▶ The task: Please reproduce the listing word for word. Pictures stay out.

▶ Data:
== Segment start ==

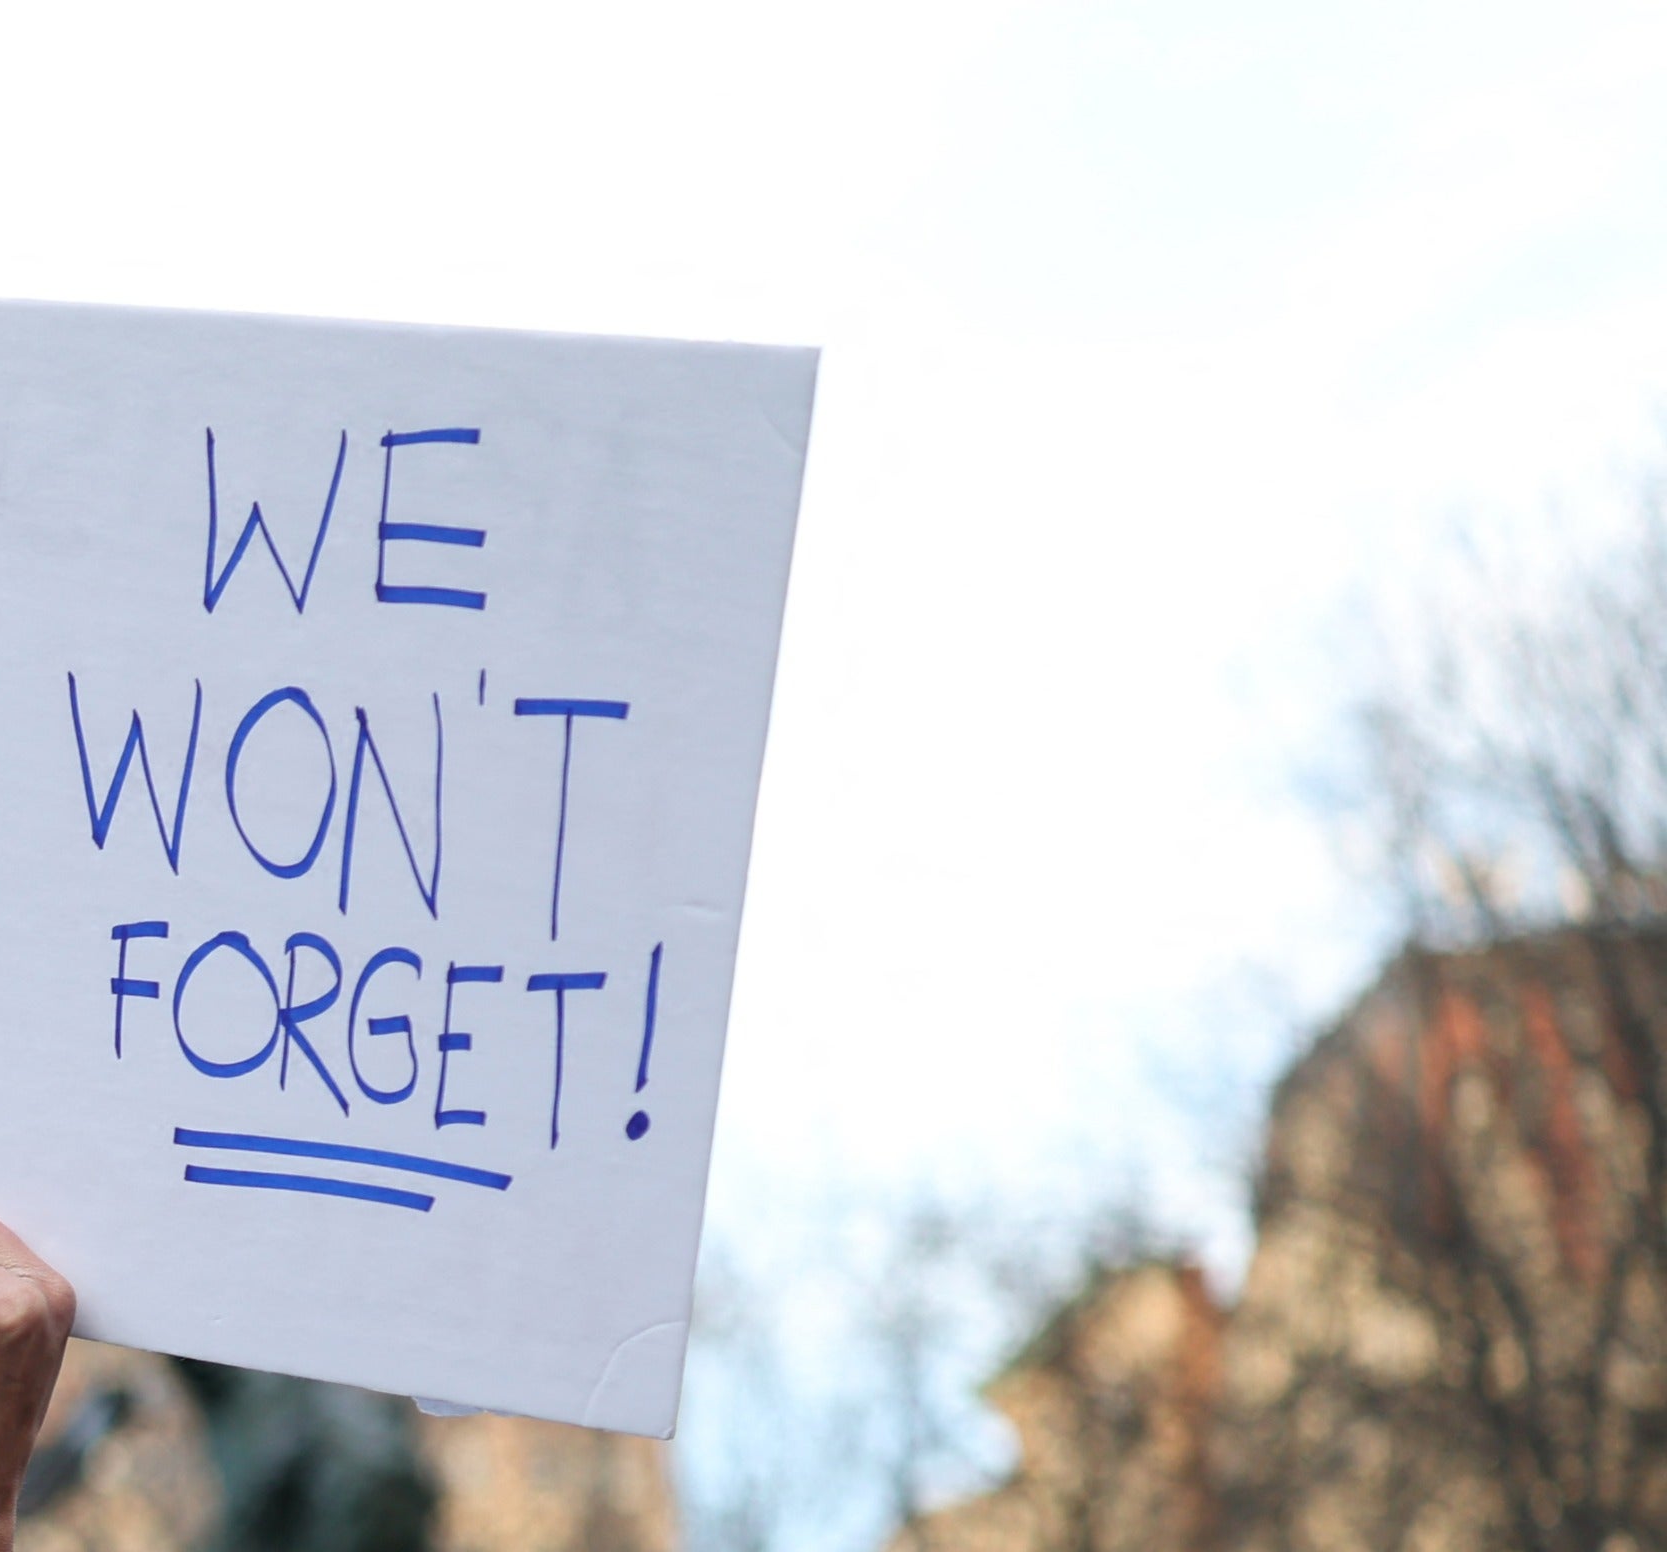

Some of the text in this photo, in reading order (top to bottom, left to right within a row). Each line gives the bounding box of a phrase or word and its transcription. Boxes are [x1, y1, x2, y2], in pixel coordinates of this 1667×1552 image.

[203, 426, 488, 614] WE
[68, 668, 631, 942] WON'T
[110, 920, 664, 1151] FORGET!
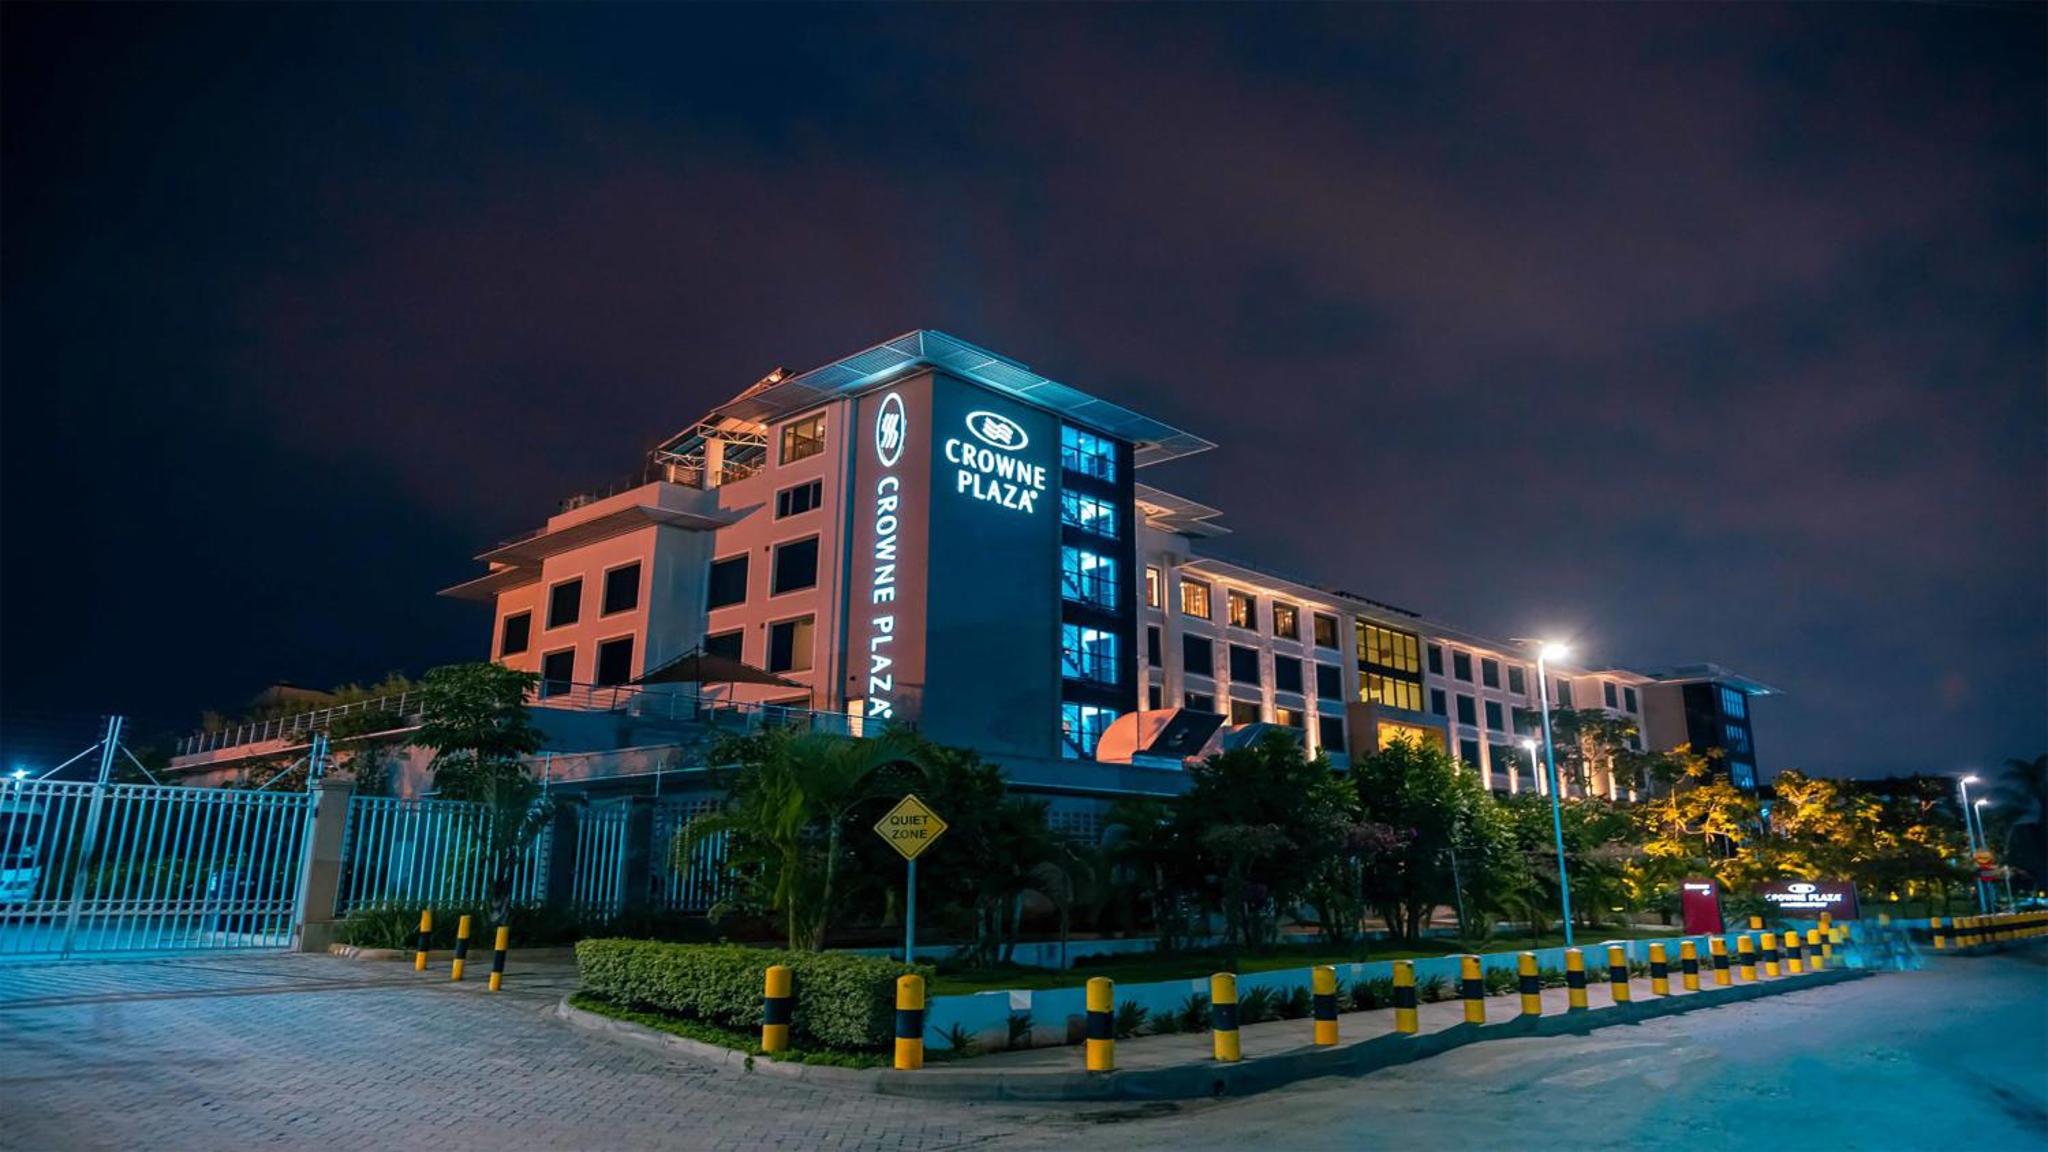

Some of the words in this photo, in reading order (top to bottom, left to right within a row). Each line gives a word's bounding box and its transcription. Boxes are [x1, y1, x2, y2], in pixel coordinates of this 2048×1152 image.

[945, 438, 1046, 491] CROWNE
[957, 470, 1039, 514] PLAZA
[874, 477, 900, 605] CROWNE
[869, 616, 894, 719] PLAZA
[891, 815, 929, 826] QUIET
[892, 829, 928, 839] ZONE
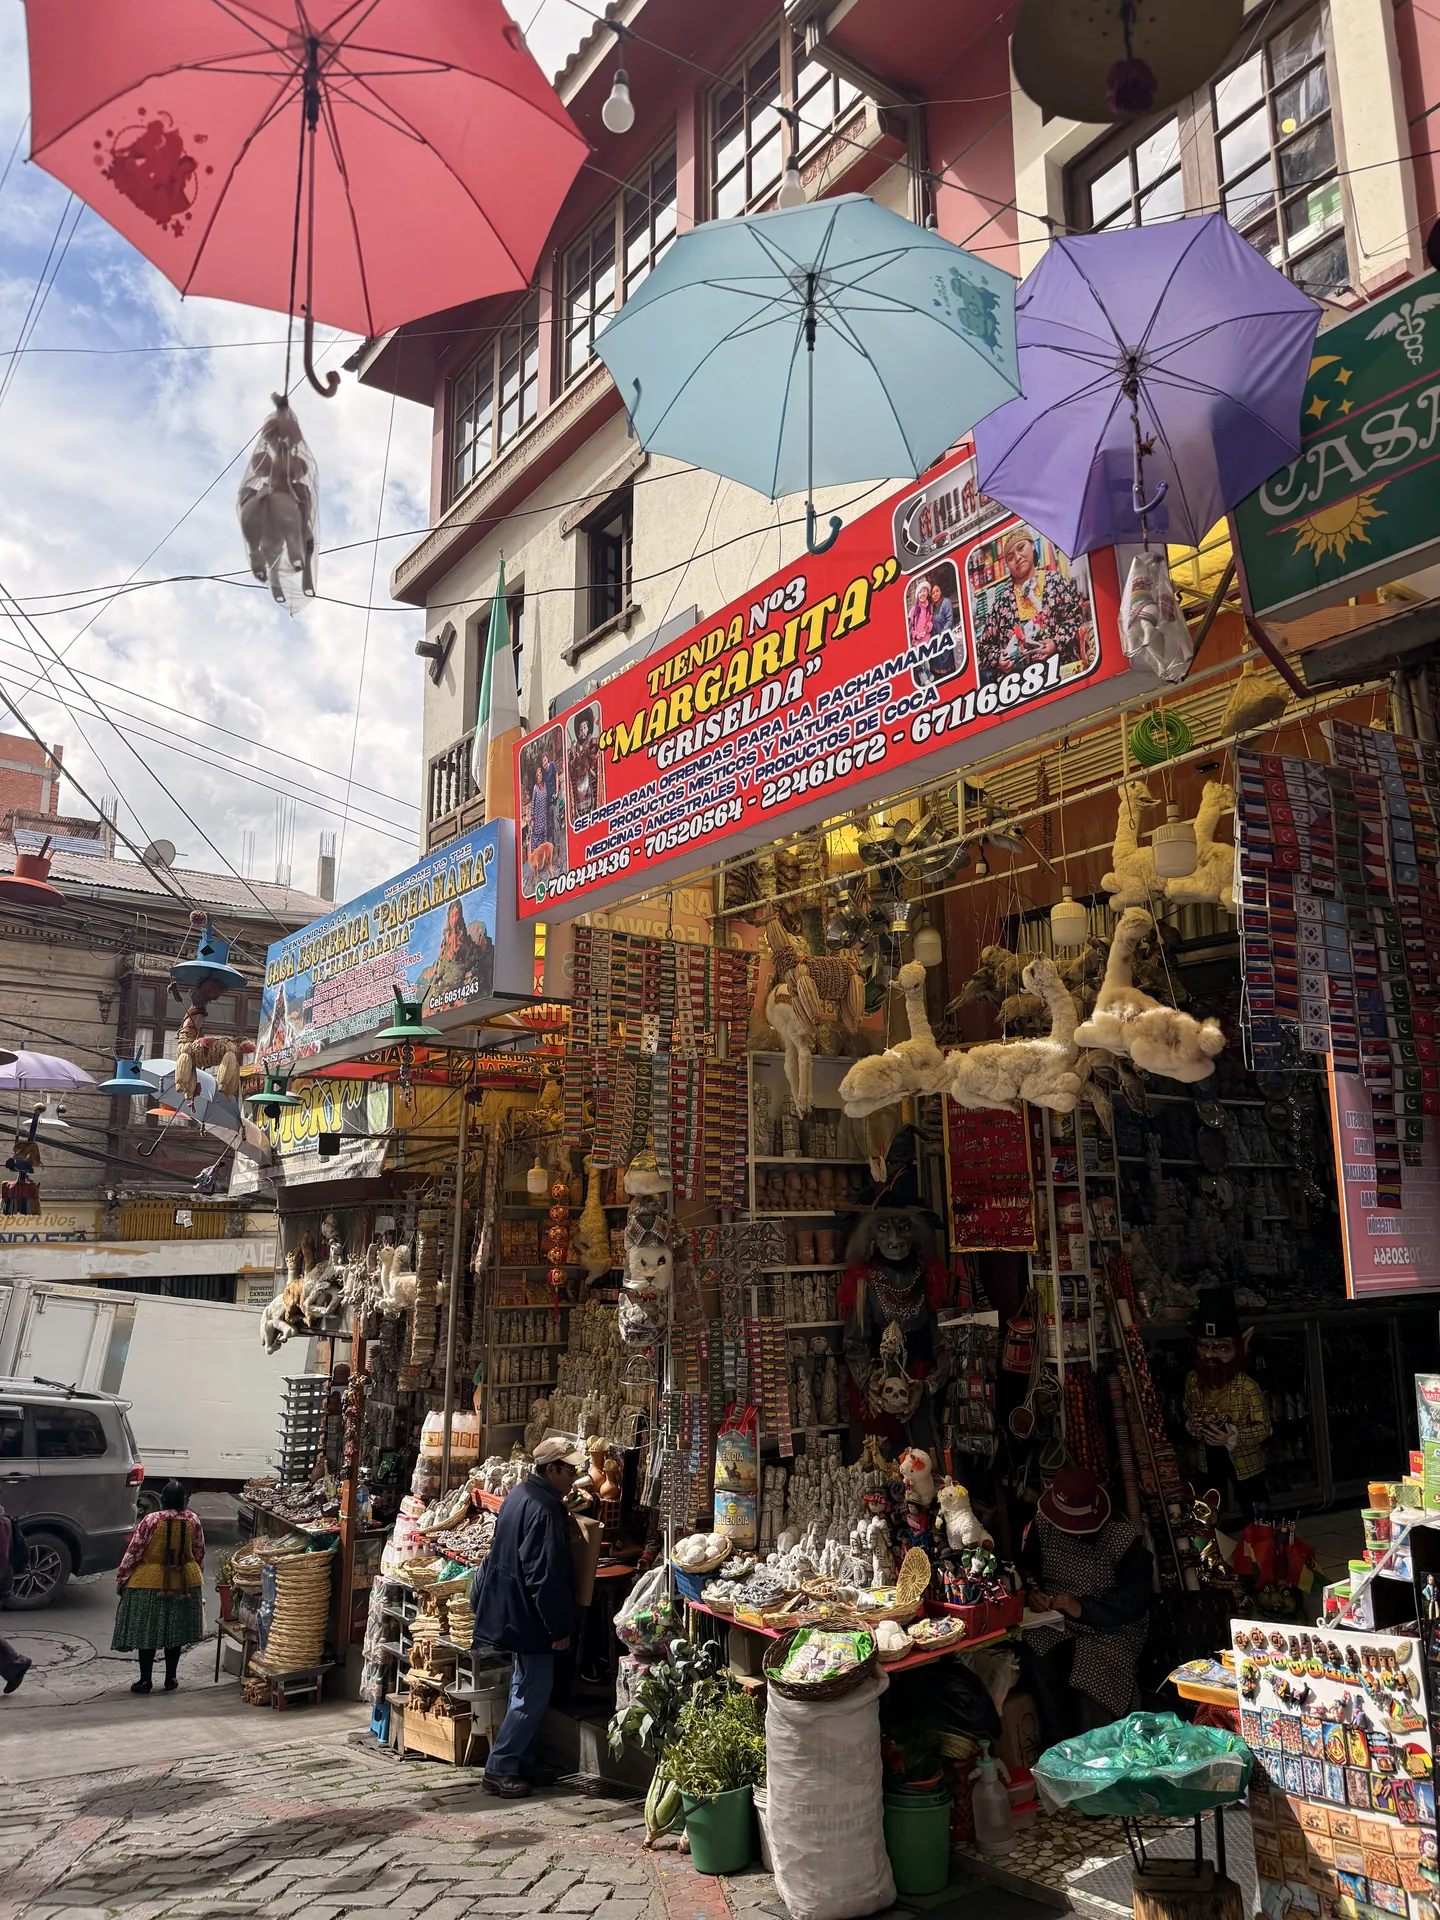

== Segment end ==

▶ Solution:
Some of the text in this photo, in reading order (top to bottom, left to right within a row). Each line gives the bounding box of a phrase or word and its transcription. Boxes are [x1, y1, x2, y2], in pixel coordinates of this 1667×1552 image.

[203, 426, 488, 614] WE
[68, 668, 631, 942] WON'T
[110, 920, 664, 1151] FORGET!

Some of the words in this photo, in reading order (top to bottom, left to right within a row). Each line gives a word's bounding box and its transcription. Boxes are [x1, y1, x2, y2], in pixel coordinates of this 2048×1152 image.

[945, 438, 1046, 491] CROWNE
[957, 470, 1039, 514] PLAZA
[874, 477, 900, 605] CROWNE
[869, 616, 894, 719] PLAZA
[891, 815, 929, 826] QUIET
[892, 829, 928, 839] ZONE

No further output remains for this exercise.